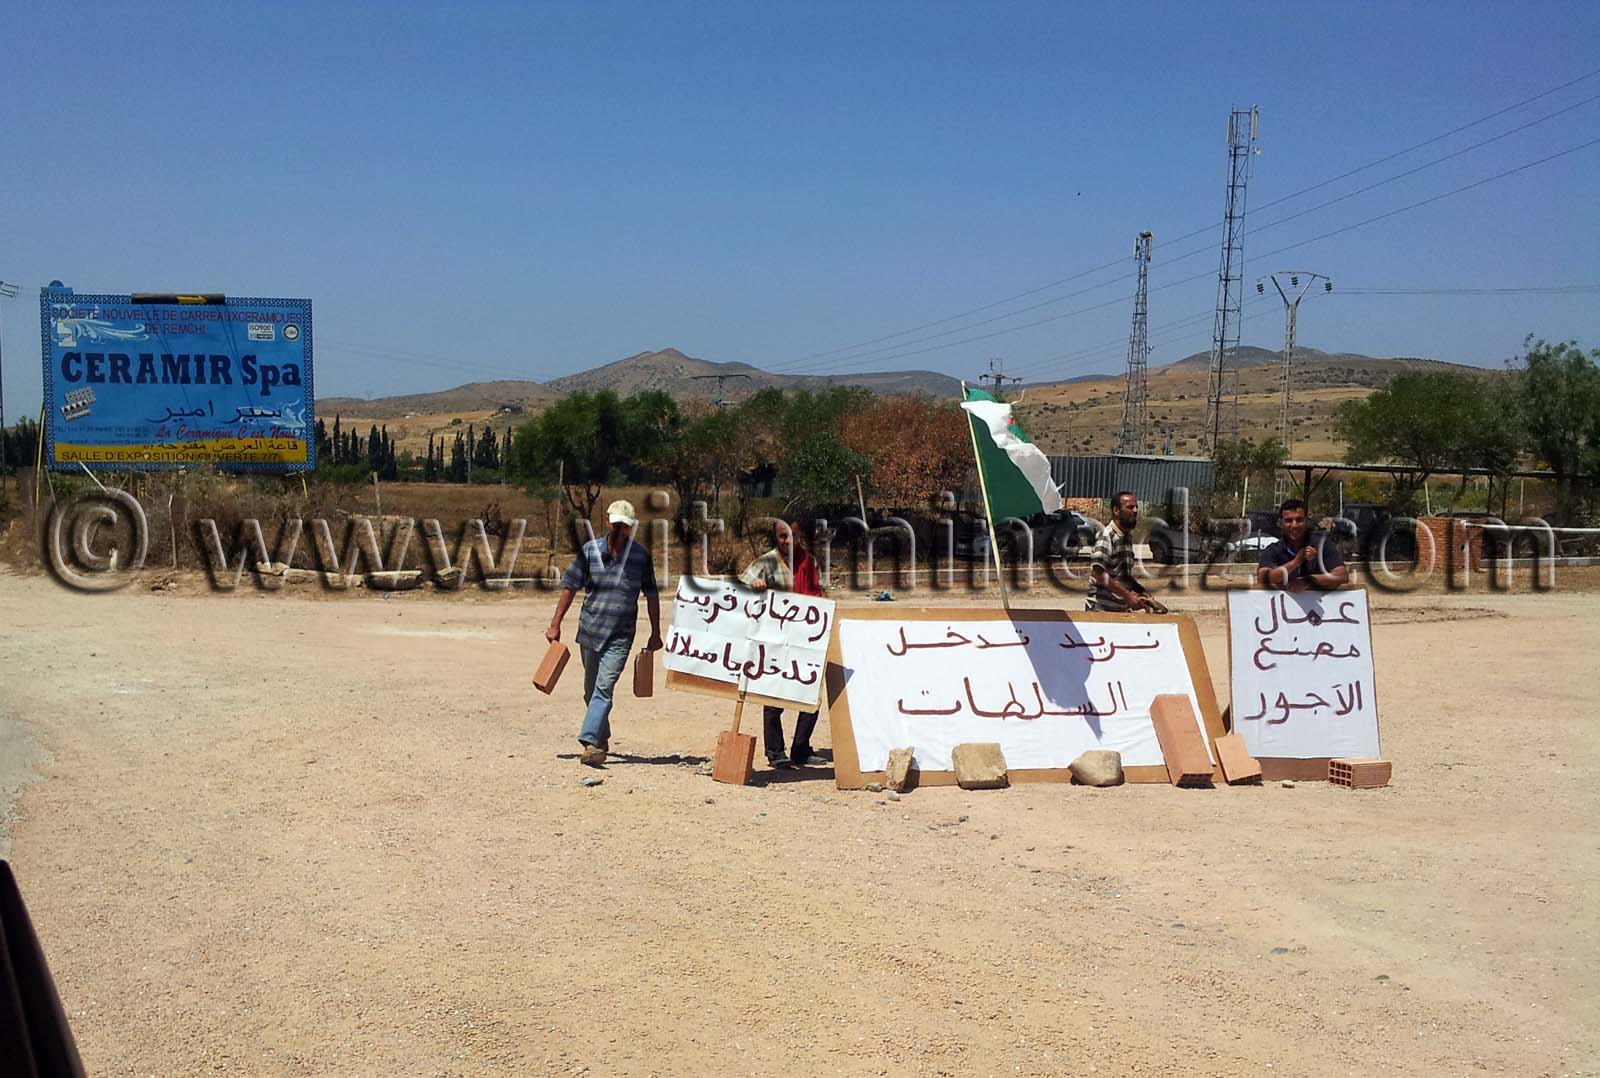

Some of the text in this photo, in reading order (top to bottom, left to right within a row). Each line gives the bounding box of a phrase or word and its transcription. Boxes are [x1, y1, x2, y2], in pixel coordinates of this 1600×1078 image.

[103, 308, 160, 321] NOUVELLE
[163, 309, 177, 321] DE
[145, 323, 159, 335] DE
[61, 352, 302, 396] CERAMIR Spa
[62, 451, 100, 461] SALLE
[105, 451, 194, 461] D'EXPOSITION
[198, 452, 257, 461] OUVERTE
[675, 586, 739, 624] قريب
[1254, 592, 1360, 635] عمال
[886, 625, 1160, 662] نريد تدخل
[1253, 636, 1361, 671] مصنع
[897, 676, 1129, 721] السلطات
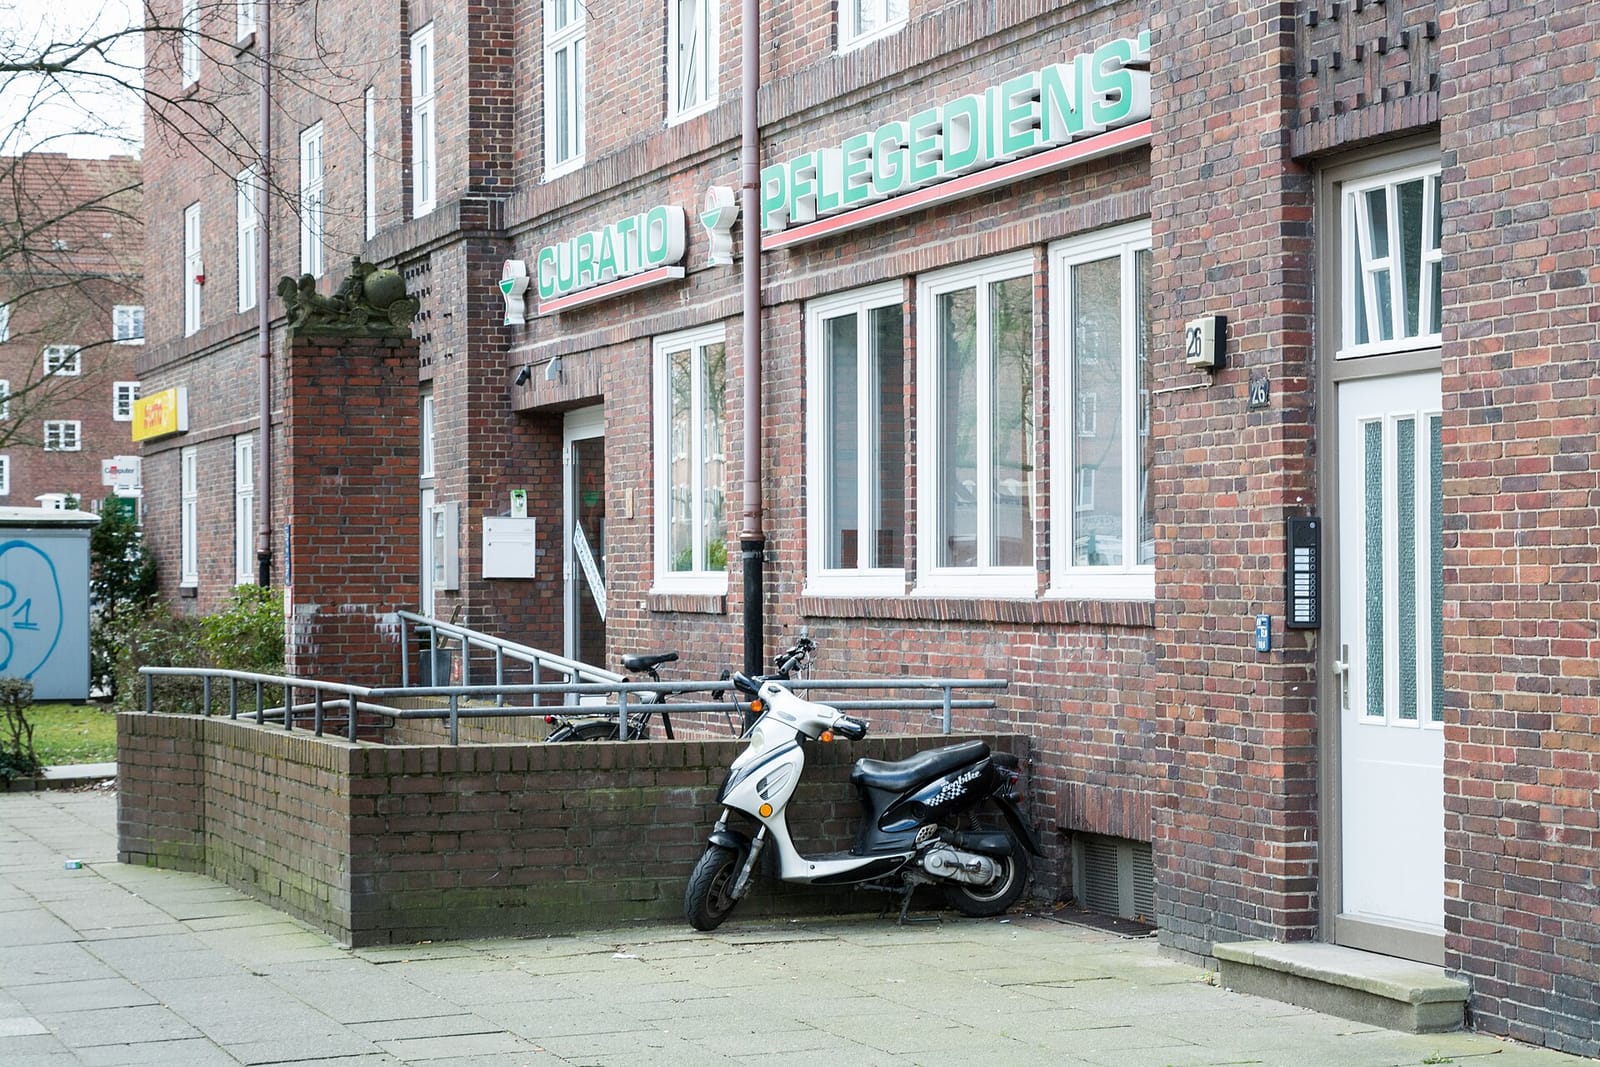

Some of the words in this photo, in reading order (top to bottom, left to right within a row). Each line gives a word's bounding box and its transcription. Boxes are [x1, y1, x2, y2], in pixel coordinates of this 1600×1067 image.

[537, 205, 670, 300] CURATIO
[1186, 327, 1202, 358] 26
[1251, 383, 1266, 405] 26

- Exercise directions: Restate all of the material above word for word, excluding the pictures.

- Reply to the exercise:
Some of the text in this photo, in reading order (top to bottom, left to right within a row). Each line gives the bounding box of a phrase or word and its transcription. Boxes are [x1, y1, x2, y2], in pixel coordinates of this 1600×1078 image.

[103, 308, 160, 321] NOUVELLE
[163, 309, 177, 321] DE
[145, 323, 159, 335] DE
[61, 352, 302, 396] CERAMIR Spa
[62, 451, 100, 461] SALLE
[105, 451, 194, 461] D'EXPOSITION
[198, 452, 257, 461] OUVERTE
[675, 586, 739, 624] قريب
[1254, 592, 1360, 635] عمال
[886, 625, 1160, 662] نريد تدخل
[1253, 636, 1361, 671] مصنع
[897, 676, 1129, 721] السلطات

Some of the words in this photo, in reading order (top to bottom, left to right within a row). Each line gives a word's bounding box and its transcription. Boxes are [x1, y1, x2, y2], in pixel coordinates of this 1600×1067 image.

[537, 205, 670, 300] CURATIO
[1186, 327, 1202, 358] 26
[1251, 383, 1266, 405] 26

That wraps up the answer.